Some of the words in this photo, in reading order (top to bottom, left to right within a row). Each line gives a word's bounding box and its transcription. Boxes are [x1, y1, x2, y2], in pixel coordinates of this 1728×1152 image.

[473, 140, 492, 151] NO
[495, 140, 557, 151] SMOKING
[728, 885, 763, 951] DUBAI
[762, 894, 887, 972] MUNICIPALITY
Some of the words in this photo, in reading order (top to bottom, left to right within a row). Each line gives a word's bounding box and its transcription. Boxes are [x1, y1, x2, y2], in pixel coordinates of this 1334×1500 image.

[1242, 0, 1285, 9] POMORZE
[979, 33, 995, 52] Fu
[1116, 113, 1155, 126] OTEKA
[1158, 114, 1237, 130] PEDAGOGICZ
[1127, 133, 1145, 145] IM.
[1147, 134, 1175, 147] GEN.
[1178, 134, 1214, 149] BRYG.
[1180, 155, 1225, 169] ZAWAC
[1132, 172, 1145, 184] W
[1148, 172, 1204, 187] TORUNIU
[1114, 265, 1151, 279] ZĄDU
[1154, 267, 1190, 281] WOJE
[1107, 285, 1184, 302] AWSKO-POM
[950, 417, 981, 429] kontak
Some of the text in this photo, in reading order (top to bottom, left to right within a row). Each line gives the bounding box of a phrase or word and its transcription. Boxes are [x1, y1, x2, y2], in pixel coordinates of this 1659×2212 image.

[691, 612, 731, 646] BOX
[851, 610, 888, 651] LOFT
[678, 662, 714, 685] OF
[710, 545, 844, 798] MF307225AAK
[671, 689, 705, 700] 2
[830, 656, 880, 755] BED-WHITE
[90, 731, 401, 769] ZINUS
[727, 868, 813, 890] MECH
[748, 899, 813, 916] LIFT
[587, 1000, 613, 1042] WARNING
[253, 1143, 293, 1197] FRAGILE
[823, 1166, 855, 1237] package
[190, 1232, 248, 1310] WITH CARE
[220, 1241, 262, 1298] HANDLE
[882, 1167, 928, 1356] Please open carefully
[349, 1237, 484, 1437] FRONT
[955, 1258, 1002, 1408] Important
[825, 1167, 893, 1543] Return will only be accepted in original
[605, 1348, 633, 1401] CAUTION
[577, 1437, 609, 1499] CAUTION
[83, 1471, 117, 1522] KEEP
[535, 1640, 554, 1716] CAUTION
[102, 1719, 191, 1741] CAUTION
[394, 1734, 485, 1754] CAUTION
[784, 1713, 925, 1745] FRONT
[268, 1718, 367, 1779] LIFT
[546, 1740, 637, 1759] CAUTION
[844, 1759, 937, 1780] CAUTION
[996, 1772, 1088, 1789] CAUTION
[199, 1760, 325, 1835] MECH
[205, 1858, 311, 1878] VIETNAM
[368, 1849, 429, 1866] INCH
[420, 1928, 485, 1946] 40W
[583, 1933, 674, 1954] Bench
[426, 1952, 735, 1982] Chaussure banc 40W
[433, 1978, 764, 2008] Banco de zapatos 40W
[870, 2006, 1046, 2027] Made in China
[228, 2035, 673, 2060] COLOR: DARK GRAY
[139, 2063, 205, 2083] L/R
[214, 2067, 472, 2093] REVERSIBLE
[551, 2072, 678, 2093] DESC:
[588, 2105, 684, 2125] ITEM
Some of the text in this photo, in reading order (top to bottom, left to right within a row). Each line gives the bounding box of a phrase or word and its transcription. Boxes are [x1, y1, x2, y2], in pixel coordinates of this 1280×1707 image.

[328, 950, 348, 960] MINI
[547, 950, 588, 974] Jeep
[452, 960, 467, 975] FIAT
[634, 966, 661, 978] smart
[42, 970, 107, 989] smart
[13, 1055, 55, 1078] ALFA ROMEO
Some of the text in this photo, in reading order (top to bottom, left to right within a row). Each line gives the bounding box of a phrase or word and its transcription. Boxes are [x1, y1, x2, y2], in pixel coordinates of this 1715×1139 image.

= Exercise instructions =
Print, exactly as given, the lines from the one with "this 1280×1707 image." through the last line of the material above, and no others.

= Reply =
Some of the text in this photo, in reading order (top to bottom, left to right within a row). Each line gives the bounding box of a phrase or word and its transcription. Boxes are [x1, y1, x2, y2], in pixel coordinates of this 1280×1707 image.

[328, 950, 348, 960] MINI
[547, 950, 588, 974] Jeep
[452, 960, 467, 975] FIAT
[634, 966, 661, 978] smart
[42, 970, 107, 989] smart
[13, 1055, 55, 1078] ALFA ROMEO
Some of the text in this photo, in reading order (top to bottom, left to right within a row). Each line gives the bounding box of a phrase or word and its transcription. Boxes are [x1, y1, x2, y2], in pixel coordinates of this 1715×1139 image.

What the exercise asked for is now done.